Omit the images. Copy each entry word for word.

(Stored entries)
▬▬▬

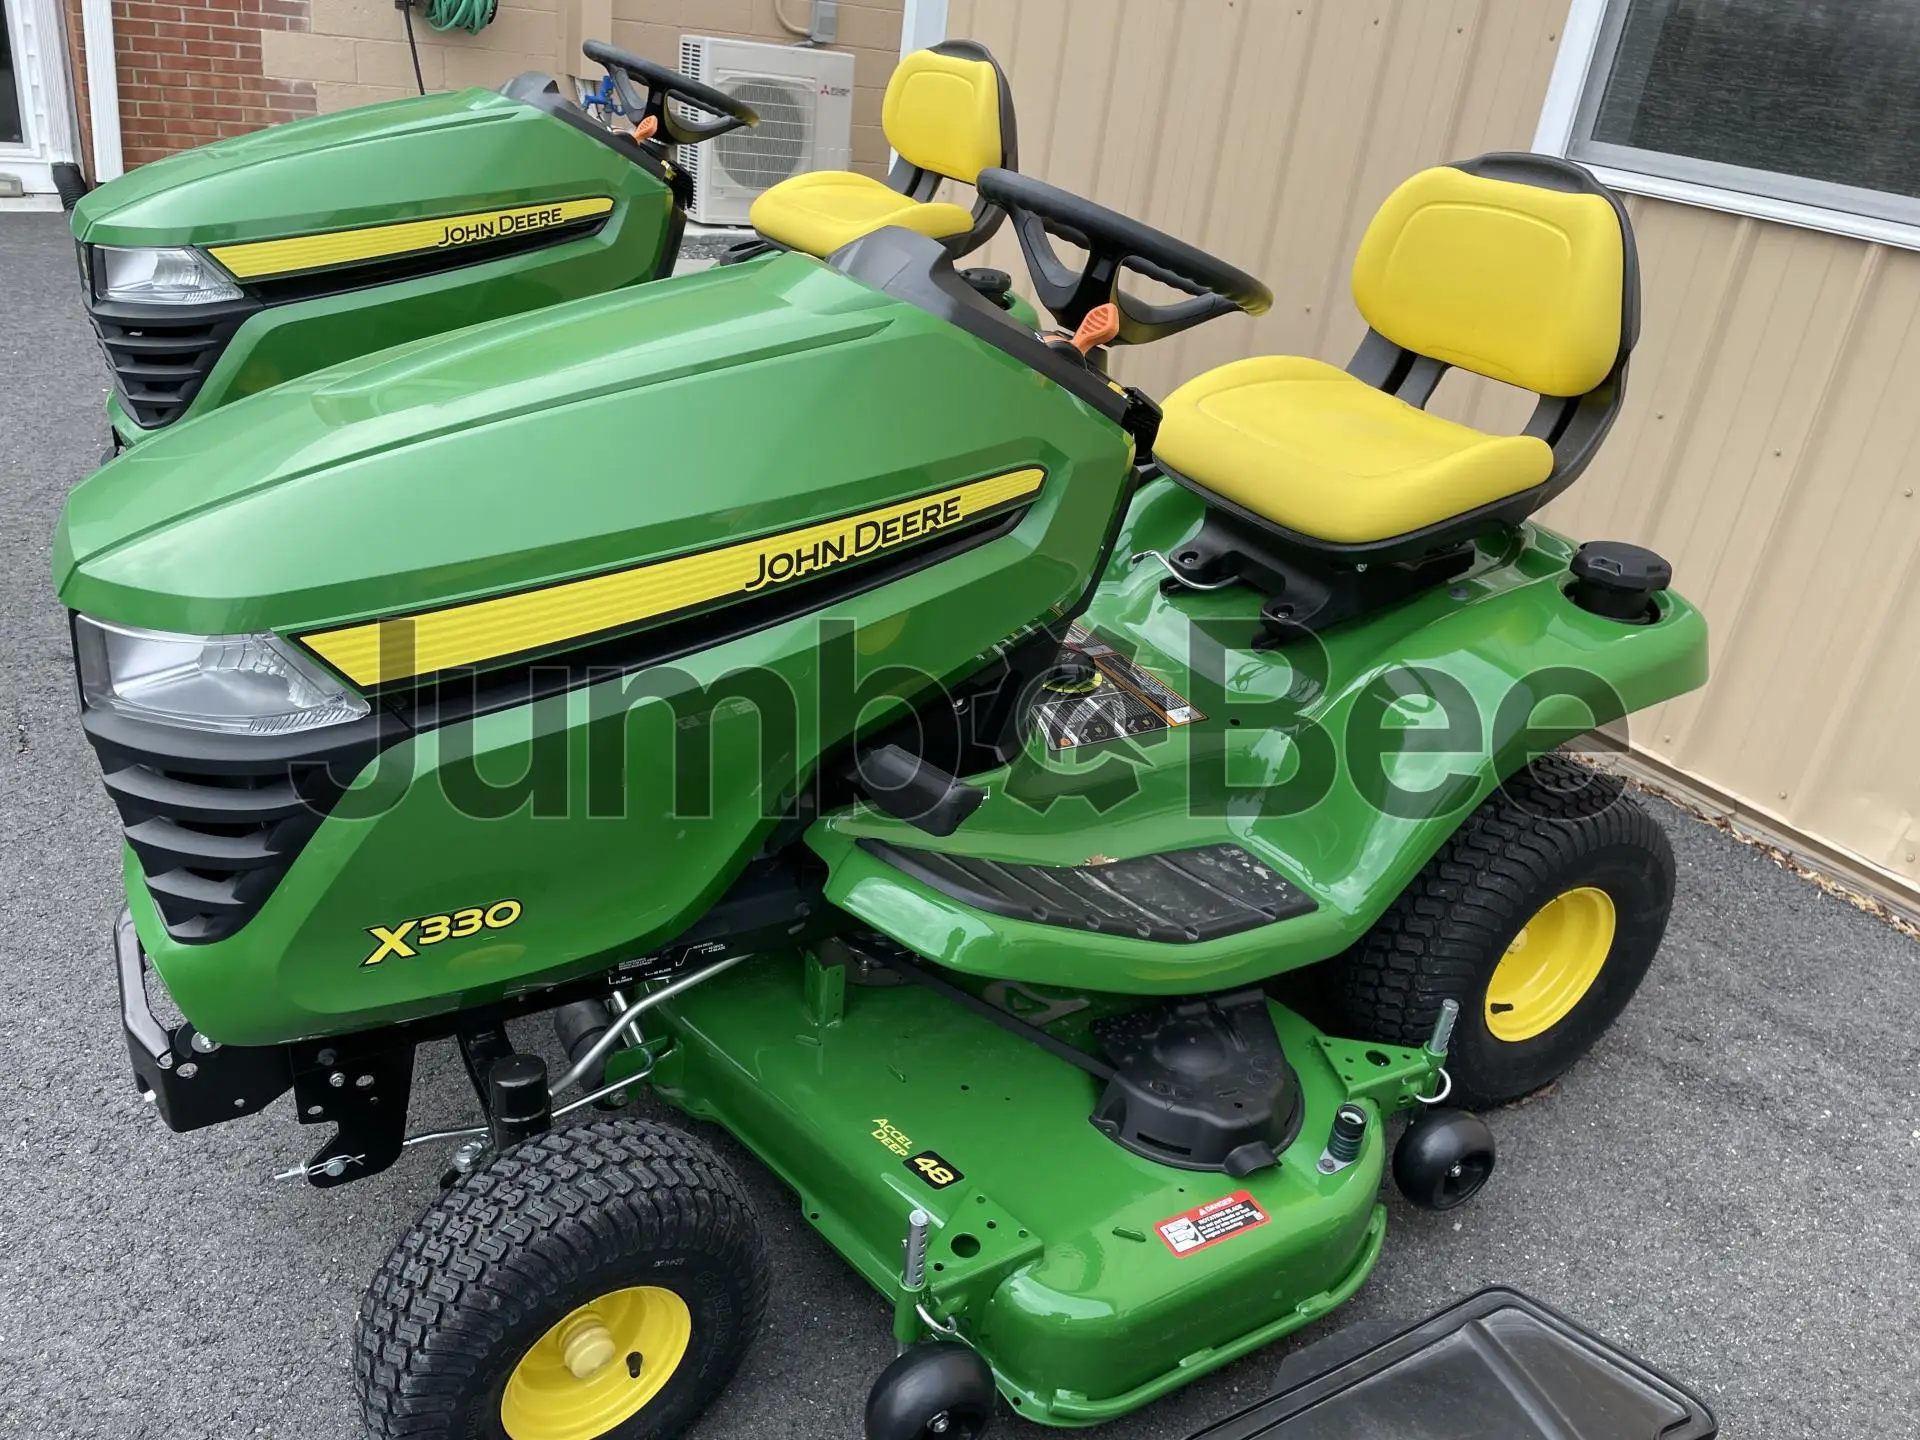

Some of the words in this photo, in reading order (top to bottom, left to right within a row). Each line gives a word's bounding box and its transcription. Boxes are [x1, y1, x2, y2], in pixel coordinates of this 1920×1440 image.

[437, 221, 495, 246] JOHN
[498, 208, 564, 235] DEERE
[744, 534, 846, 590] JOHN
[854, 495, 963, 555] DEERE
[361, 898, 523, 966] X330
[871, 1118, 913, 1150] ACCEL
[871, 1128, 909, 1157] DEEP
[913, 1157, 955, 1185] 48
[1203, 1196, 1235, 1213] DANGER
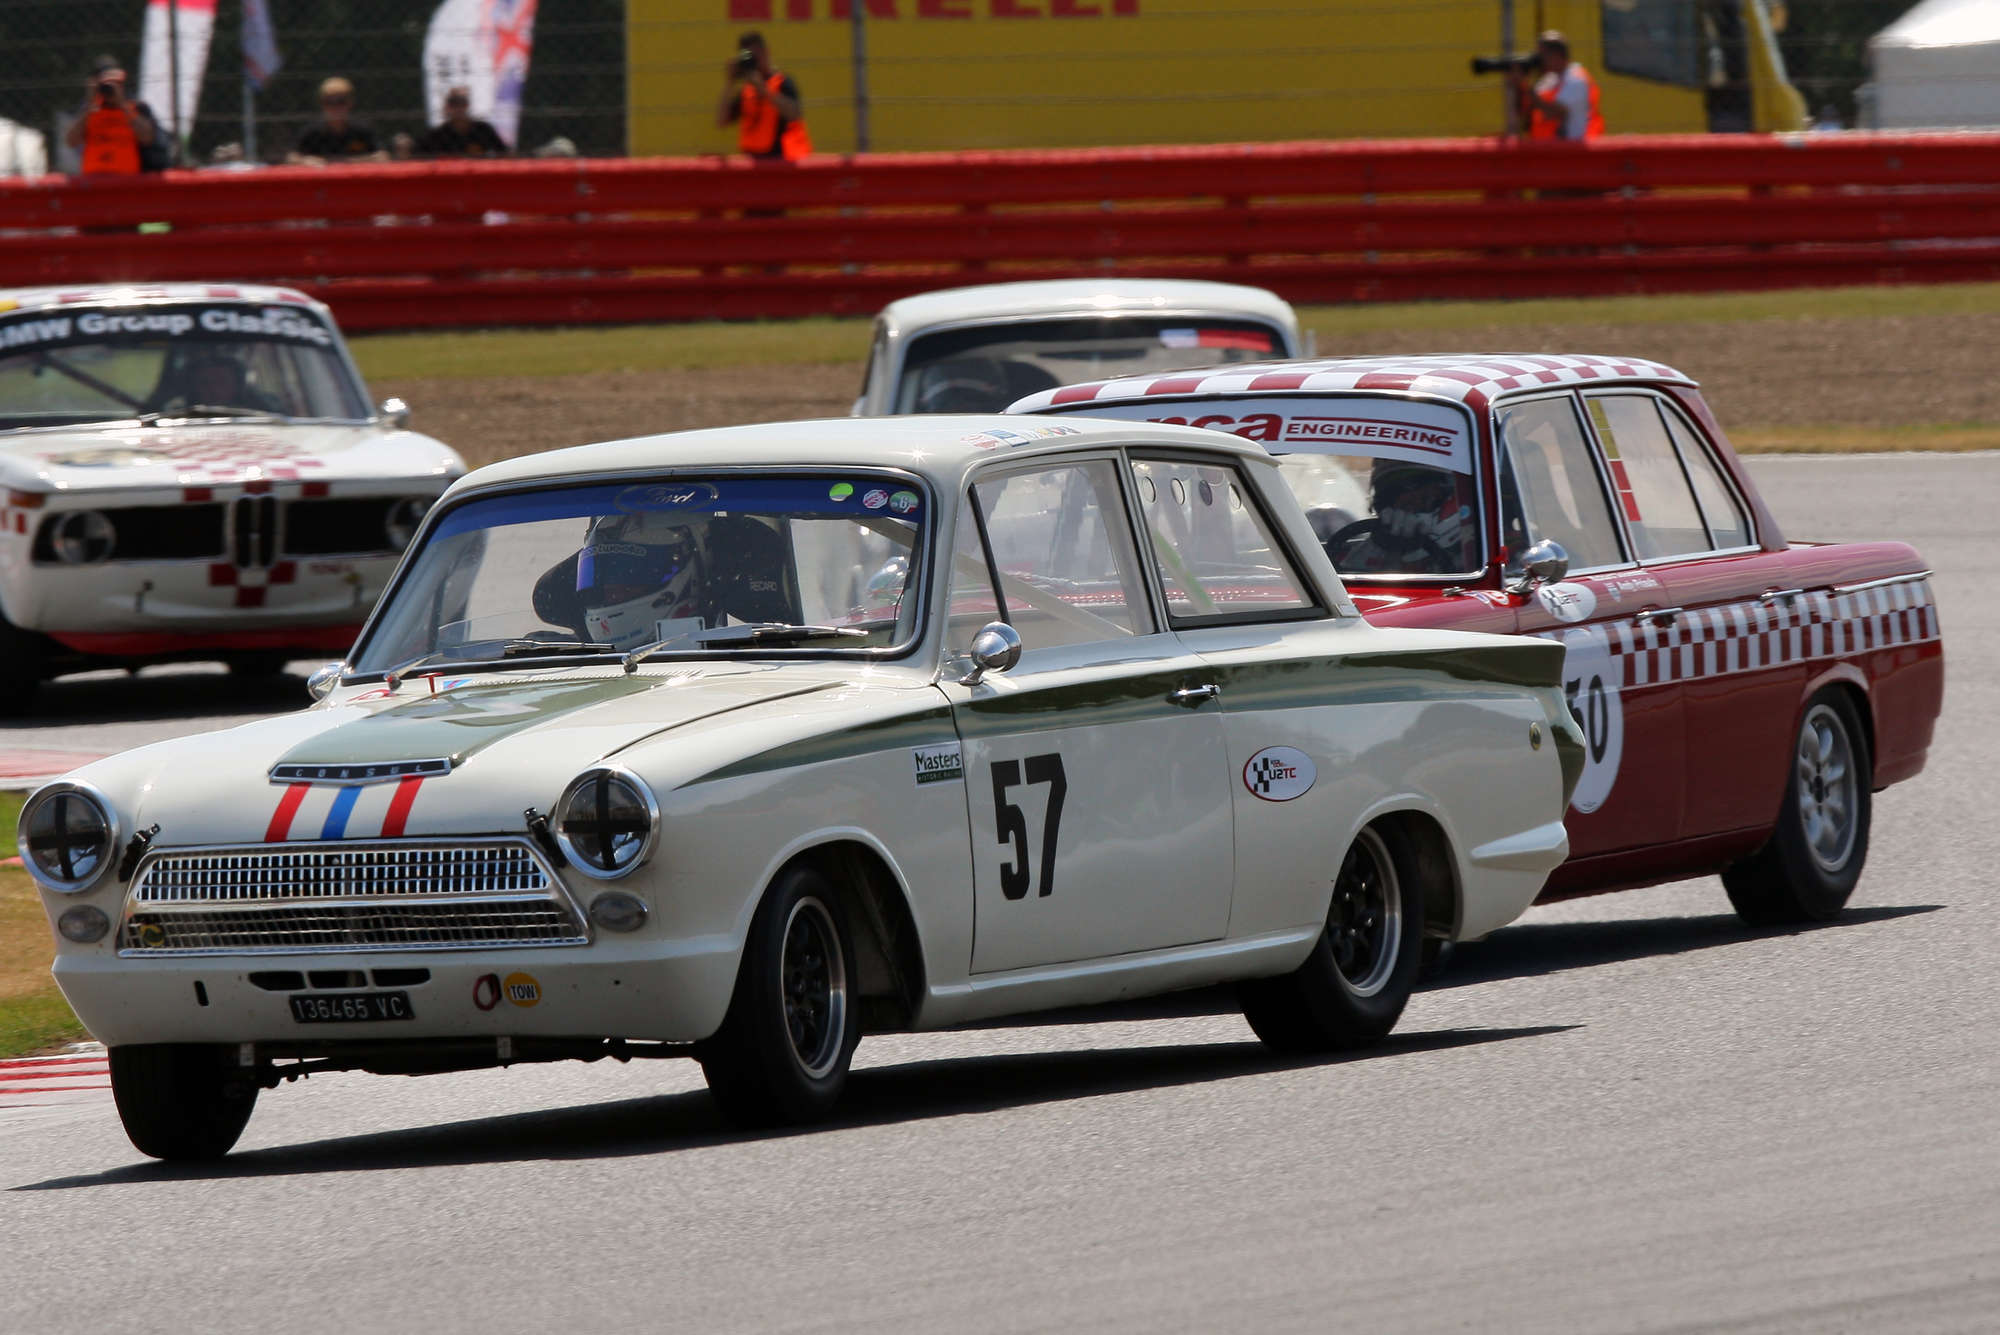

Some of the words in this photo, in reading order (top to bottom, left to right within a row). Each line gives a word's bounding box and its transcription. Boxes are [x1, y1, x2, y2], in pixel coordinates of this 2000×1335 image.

[0, 318, 71, 347] MW
[77, 313, 193, 335] Group
[202, 310, 331, 345] Classic
[1286, 423, 1453, 448] ENGINEERING
[295, 764, 423, 778] CONSUL
[914, 752, 960, 771] Masters
[1268, 767, 1297, 780] U2TC
[991, 752, 1068, 900] 57
[510, 984, 536, 1000] TOW
[296, 998, 369, 1020] 136465
[377, 996, 404, 1018] VC
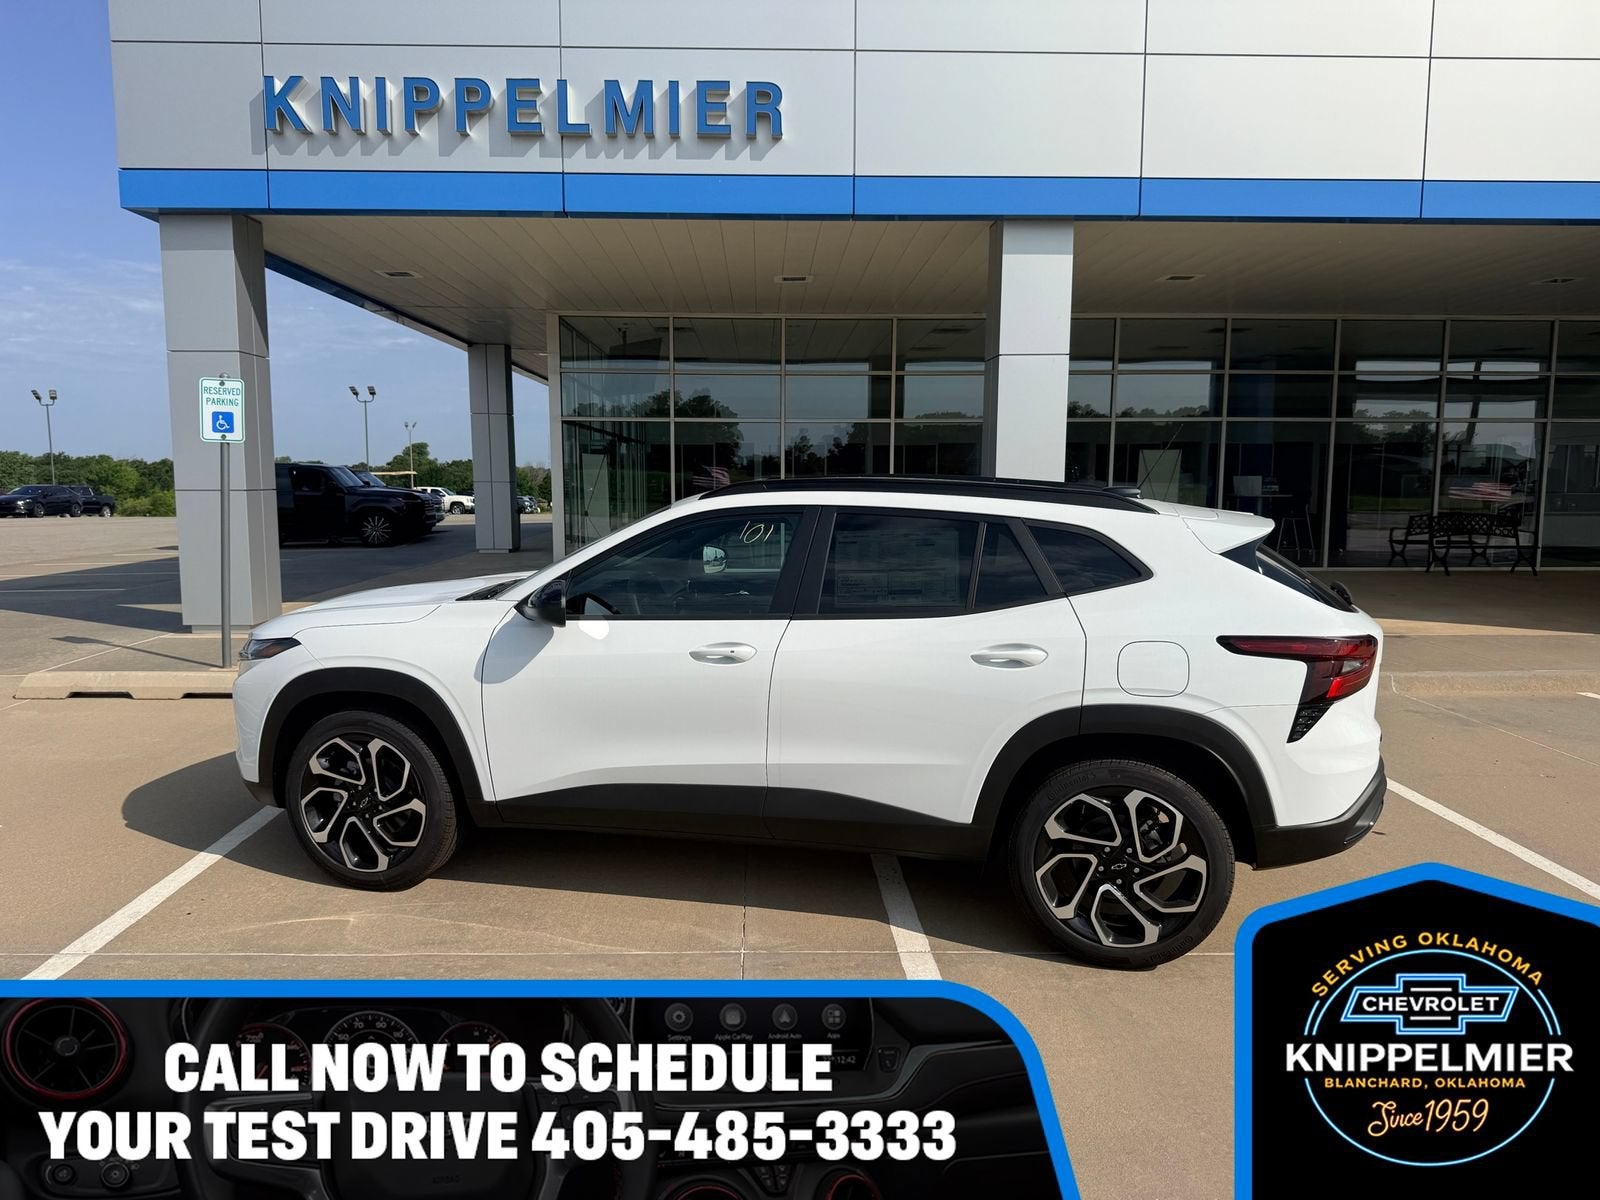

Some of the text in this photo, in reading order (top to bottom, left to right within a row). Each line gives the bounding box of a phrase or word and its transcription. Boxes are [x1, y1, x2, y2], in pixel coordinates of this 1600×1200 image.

[263, 75, 784, 138] KNIPPELMIER
[203, 386, 242, 396] RESERVED
[205, 397, 240, 407] PARKING
[739, 520, 774, 544] 101

▬▬▬

**WRITTEN RESPONSE**
Some of the words in this photo, in reading order (top to bottom, left to right within a row). Each line gives a word's bounding box and its transcription. Boxes are [x1, y1, x2, y2], in pixel coordinates of this 1920×1440 image.

[437, 221, 495, 246] JOHN
[498, 208, 564, 235] DEERE
[744, 534, 846, 590] JOHN
[854, 495, 963, 555] DEERE
[361, 898, 523, 966] X330
[871, 1118, 913, 1150] ACCEL
[871, 1128, 909, 1157] DEEP
[913, 1157, 955, 1185] 48
[1203, 1196, 1235, 1213] DANGER

Some of the words in this photo, in reading order (top to bottom, left to right within a row). Each line gives a word's bounding box and its transcription. Boxes are [x1, y1, x2, y2], in pixel coordinates of this 2000×1335 image.

[0, 318, 71, 347] MW
[77, 313, 193, 335] Group
[202, 310, 331, 345] Classic
[1286, 423, 1453, 448] ENGINEERING
[295, 764, 423, 778] CONSUL
[914, 752, 960, 771] Masters
[1268, 767, 1297, 780] U2TC
[991, 752, 1068, 900] 57
[510, 984, 536, 1000] TOW
[296, 998, 369, 1020] 136465
[377, 996, 404, 1018] VC

Some of the text in this photo, in reading order (top to bottom, left to right within a row). Each line gives the bounding box of a phrase or word and its transcription. Boxes are [x1, y1, x2, y2], in pixel coordinates of this 1600×1200 image.

[263, 75, 784, 138] KNIPPELMIER
[203, 386, 242, 396] RESERVED
[205, 397, 240, 407] PARKING
[739, 520, 774, 544] 101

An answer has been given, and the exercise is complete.